O médico Marcos Antônio Souza Júnior, que filmou um funcionário negro acorrentado pelos pés, mãos e pescoço, disse que o vídeo foi uma encenação criada pelos dois, na cidade de Goiás. Em uma rede social, ele disse que gravação foi uma ‘zoeira’. Mesmo assim, a Polícia Civil seguirá investigando o caso como racismo.
O homem filmado trabalha a cerca de três meses para o médico, segundo a Polícia Civil. A Secretaria de Igualdade Racial e Direitos Humanos da cidade de Goiás pediu ao Ministério Público (MP) que também investigue o caso.

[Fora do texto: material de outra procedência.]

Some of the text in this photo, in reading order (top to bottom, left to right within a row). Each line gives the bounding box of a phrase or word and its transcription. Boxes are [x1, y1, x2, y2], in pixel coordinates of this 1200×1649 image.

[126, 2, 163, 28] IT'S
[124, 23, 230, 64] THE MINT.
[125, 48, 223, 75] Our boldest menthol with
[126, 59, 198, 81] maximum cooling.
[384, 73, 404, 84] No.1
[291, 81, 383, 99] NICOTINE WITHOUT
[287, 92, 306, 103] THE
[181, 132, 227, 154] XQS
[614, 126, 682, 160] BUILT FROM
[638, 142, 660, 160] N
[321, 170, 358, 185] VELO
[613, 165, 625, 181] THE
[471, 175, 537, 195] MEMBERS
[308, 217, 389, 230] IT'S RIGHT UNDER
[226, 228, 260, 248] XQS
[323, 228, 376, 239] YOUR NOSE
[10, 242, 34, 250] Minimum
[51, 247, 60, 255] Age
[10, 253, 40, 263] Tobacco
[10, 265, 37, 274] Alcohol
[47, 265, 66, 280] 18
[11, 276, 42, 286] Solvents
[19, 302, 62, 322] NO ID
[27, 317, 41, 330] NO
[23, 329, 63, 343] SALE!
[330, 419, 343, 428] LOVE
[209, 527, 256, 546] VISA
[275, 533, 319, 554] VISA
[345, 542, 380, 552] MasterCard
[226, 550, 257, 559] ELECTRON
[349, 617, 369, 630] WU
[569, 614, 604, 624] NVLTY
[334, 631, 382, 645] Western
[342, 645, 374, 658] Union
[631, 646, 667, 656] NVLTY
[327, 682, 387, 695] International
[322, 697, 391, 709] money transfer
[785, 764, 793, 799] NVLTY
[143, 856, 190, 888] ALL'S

Por meio de nota, o MP informou que recebeu o pedido e o encaminhou à Polícia Civil, que já está investigando o caso. Também de acordo com o comunicado, “a 3ª Promotoria de Justiça de Goiás está acompanhando a investigação”.
Em um vídeo divulgado nas redes sociais, o médico diz que tudo foi uma brincadeira e se desculpa com quem se sentiu ofendido.
“A gente fez um roteiro a quatro mãos, foi como se fosse um filme, uma zoeira. Não teve a intenção nenhuma de magoar, irritar ou apologia a nada. Gostaria de pedir desculpas se alguém se sentiu ofendido, foi uma encenação teatral”, disse.
No vídeo, o funcionário está acorrentado.
“Falei para estudar, mas não quer. Então vai ficar na minha senzala”, disse o médico na gravação.
O homem acorrentado disse à polícia que toda situação foi uma brincadeira e não registrou denúncia contra o médico. Mesmo assim, a investigação continuará. O delegado Gustavo Cabral foi à fazenda onde o vídeo foi gravado nesta quinta-feira (17).
“Apesar da vítima informar que partiu dela essa iniciativa e que não deseja representar contra esse médico por eventual constrangimento ou injúria, nós observamos a possibilidade de estar caracterizando o crime previsto no artigo 20, da lei de crimes raciais, por ele, aparentemente, ter incitado e induzido à prática de racismo”, explicou.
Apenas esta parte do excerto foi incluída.